Pakistan Piles Up More Corruption Charges Against Imprisoned Ex-PM Imran Khan

Pakistan's former Prime Minister Imran Khan, right, and Bushra Bibi, his wife, speak
AP Photo/K.M. Chaudary

Former Pakistani Prime Minister Imran Khan, already jailed on corruption and national security charges, was indicted on Tuesday on charges that he and his wife Bushra Bibi accepted parcels of land as bribes when Khan was in office.

The latest Khan indictment involves a non-governmental organization (NGO) called the Al-Qadir University Trust established by Khan and his wife in 2018, the year he became prime minister.
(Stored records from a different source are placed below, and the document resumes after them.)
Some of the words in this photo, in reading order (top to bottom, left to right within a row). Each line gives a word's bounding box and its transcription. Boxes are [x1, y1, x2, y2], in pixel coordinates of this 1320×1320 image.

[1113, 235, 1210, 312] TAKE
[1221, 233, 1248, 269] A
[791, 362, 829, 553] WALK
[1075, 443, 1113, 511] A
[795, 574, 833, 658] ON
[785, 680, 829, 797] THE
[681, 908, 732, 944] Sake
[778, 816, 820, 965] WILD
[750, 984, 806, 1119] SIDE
The trust was supposed to provide funding for an Islamic school near the Pakistani capital of Islamabad. The school was named after an 11th-century Sufi leader and administered by Khan’s third wife Bushra Bibi, also known as Bushra Watto and Bushra Maneka, who cultivated an image as a Sufi mystic and faith healer. Khan frequently promoted the Al-Qadir University trust during public events and praised the efforts of Bibi, who he described as his spiritual guide and mentor.
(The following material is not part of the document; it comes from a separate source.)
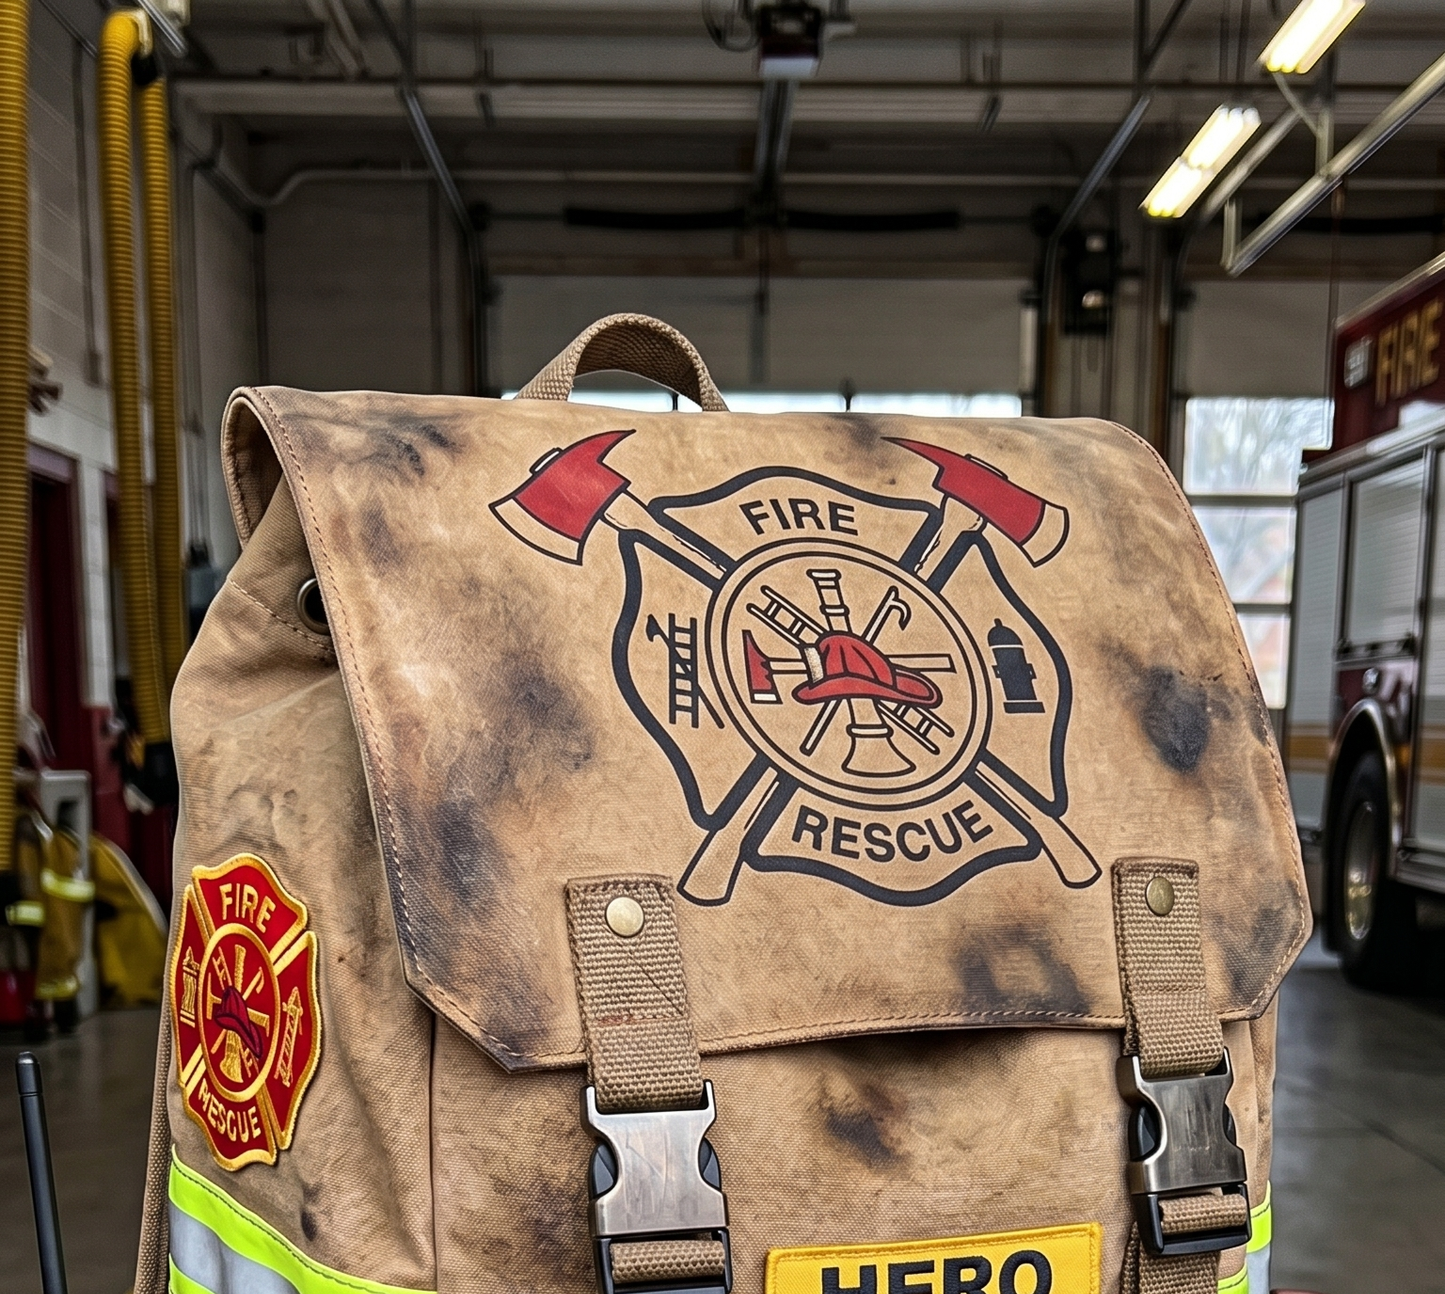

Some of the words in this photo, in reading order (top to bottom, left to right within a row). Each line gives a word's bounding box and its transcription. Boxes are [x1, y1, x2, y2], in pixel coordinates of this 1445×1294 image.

[1376, 299, 1443, 405] FIRE
[739, 498, 859, 536] FIRE
[791, 800, 994, 863] RESCUE
[219, 882, 276, 933] FIRE
Prosecutors allege that the university trust, which listed only Khan and Bibi as its trustees, was actually a scam created so they could be given large tracts of valuable land as bribes by billionaire real estate developer Malik Riaz Hussain.
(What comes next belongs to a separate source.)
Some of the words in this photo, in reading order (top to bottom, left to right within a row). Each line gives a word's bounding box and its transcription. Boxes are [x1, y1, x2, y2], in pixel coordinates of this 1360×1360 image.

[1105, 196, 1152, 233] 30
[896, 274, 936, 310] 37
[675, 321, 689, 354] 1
The trust currently owns a hefty 60-acre parcel of land in Punjab valued at almost $25 million, plus another plot close to Khan’s residence in Islamabad. The university itself supposedly remains under construction, accumulating hefty “operational expenses” that do not appear to have been properly documented.

According to the prosecution, the quid pro quo for Hussain’s gift of land involved Khan using money from the Pakistani treasury to pay off $244 million in fines levied against Hussain by the British government. Hussain reached a civil settlement with the U.K. government to conclude a corruption investigation in 2019.

Khan styled himself as an anti-corruption crusader and continues to present himself as such today. One of his campaign promises was to recover financial damages from corruption cases and put the money back into the national treasury.

Since he was ejected from office with a parliamentary vote of no confidence in April 2022, Khan has racked up over a hundred active investigations into his activities as prime minister, many of them related to corruption. He and his PTI party dismiss all of them as politically motivated slander invented by the Pakistani political and military establishment to keep him out of office.

The Al-Qadir University Trust case was the reason a paramilitary squad burst into a courthouse in Islamabad to arrest Khan while he was making an appearance on other charges in May 2023. The violent operation to take Khan into custody caused numerous injuries and greatly annoyed the Pakistani Supreme Court, which declared the arrest unlawful and ordered him released two days later.

That left two days during which Khan’s supporters rioted in cities across Pakistan, causing at least eight deaths during clashes with the police. Khan and his party claim the death toll was much higher but the government conspired to keep the true number of fatalities secret. The rioters damaged military property, alienating the powerful military establishment and beginning a chain of events that ended with PTI effectively banned from ballots in the February 2024 election.

PTI did extremely well anyway by running its candidates as independents, stunning the Pakistani political establishment and kicking off a scramble by the ruling PMLN party to cobble together a coalition government before PTI could take power.

Khan and Bibi appeared in court in Islamabad on Tuesday to plead not guilty in the Al-Qadir Trust case. He is already serving 14 years in prison on another corruption conviction for improperly keeping gifts from foreign leaders and selling some of them for cash, plus ten years for endangering national security by exposing classified documents. Khan is detained at the Adiala prison near Islamabad, while Bibi is under house arrest.

With additional charges for inciting violence during the riots after his arrest, Khan is facing over 170 active cases against him. He and Bibi picked up another seven-year prison sentence earlier this month when Bibi’s former husband, Khawar Maneka, charged her with failing to observe the three-month waiting period mandated by Islamic law before marrying Khan after he divorced her in late 2017.